I’d get one now or wait. It’s highly unlikely there will be a super, and even then it won’t be much if any different to the original apart from price. The Ti is over a year old at this point so next gen is likely to be coming very soon.
I was taking a look back through Geforce desktop card releases (using the highly reliable web source that is Wikipedia), to get an idea of timescales for release. They were pretty much annually, at the top tier, save for a couple of examples. top tier card prices were fairly stable too for a few years. I've given the top tier card (non Ti, Titan or double card PCB, basically the XX80) price as an example.

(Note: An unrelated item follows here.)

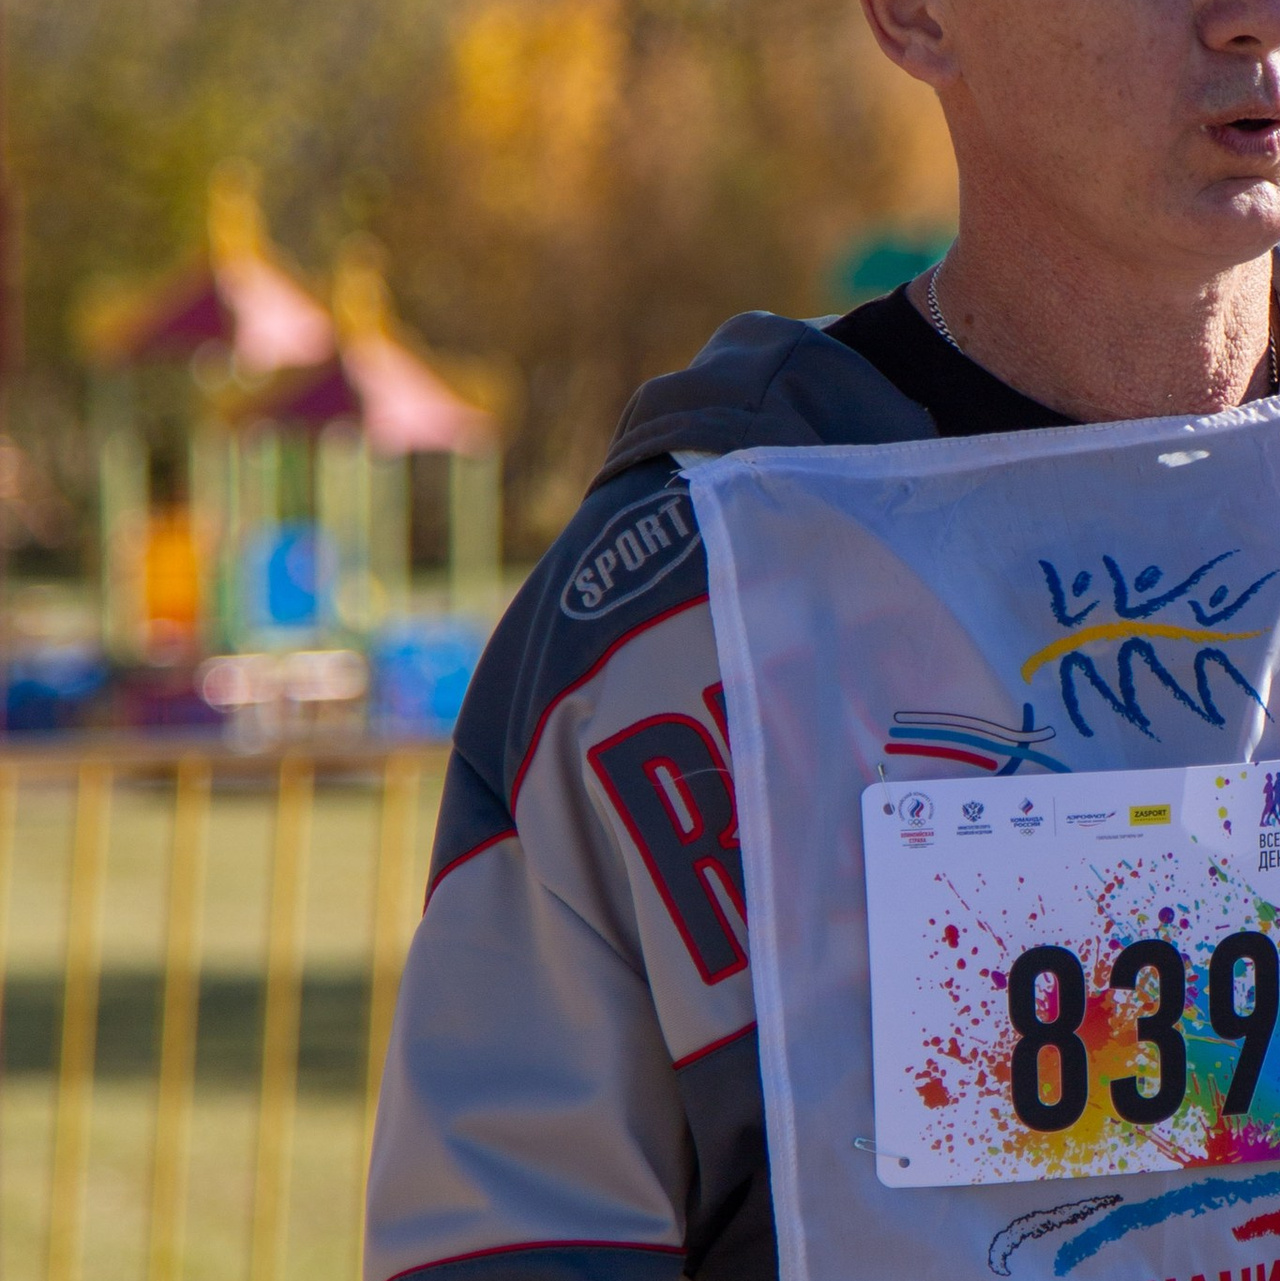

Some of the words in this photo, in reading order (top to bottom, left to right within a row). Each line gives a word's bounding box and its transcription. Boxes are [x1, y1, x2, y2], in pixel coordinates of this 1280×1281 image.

400 Series - March 2010 - $499
500 Series - March 2011 (570 and 580 followed in Nov/Dec) - $499
600 Series - March to May 2012 - $500
700 Series - May 2013 (Ti in Nov) - $499
900 Series - Sept 2014 (Ti in June 2015) - $549
1000 Series - March to May 2016 - $699
2000 Series - Sept 2018 - $699
Its hard to compare Ti prices as at the top tier they dont go back too far, with the x90 double card PCBs were on offer (basically 2 GPUs on one chipset) but from 780Ti up to 2080Ti it goes something like this:
$699 > $649 > $699 > $999 / $1199 (Marketed as founders ed.)
My point is that, irrespective of whether Ti variants are rolled out simultaneously as their x80 counterpart, there has never really been more than 18 months between iterations. On this basis Q1 to Q2 seems a reasonable assumption for 30XX? series.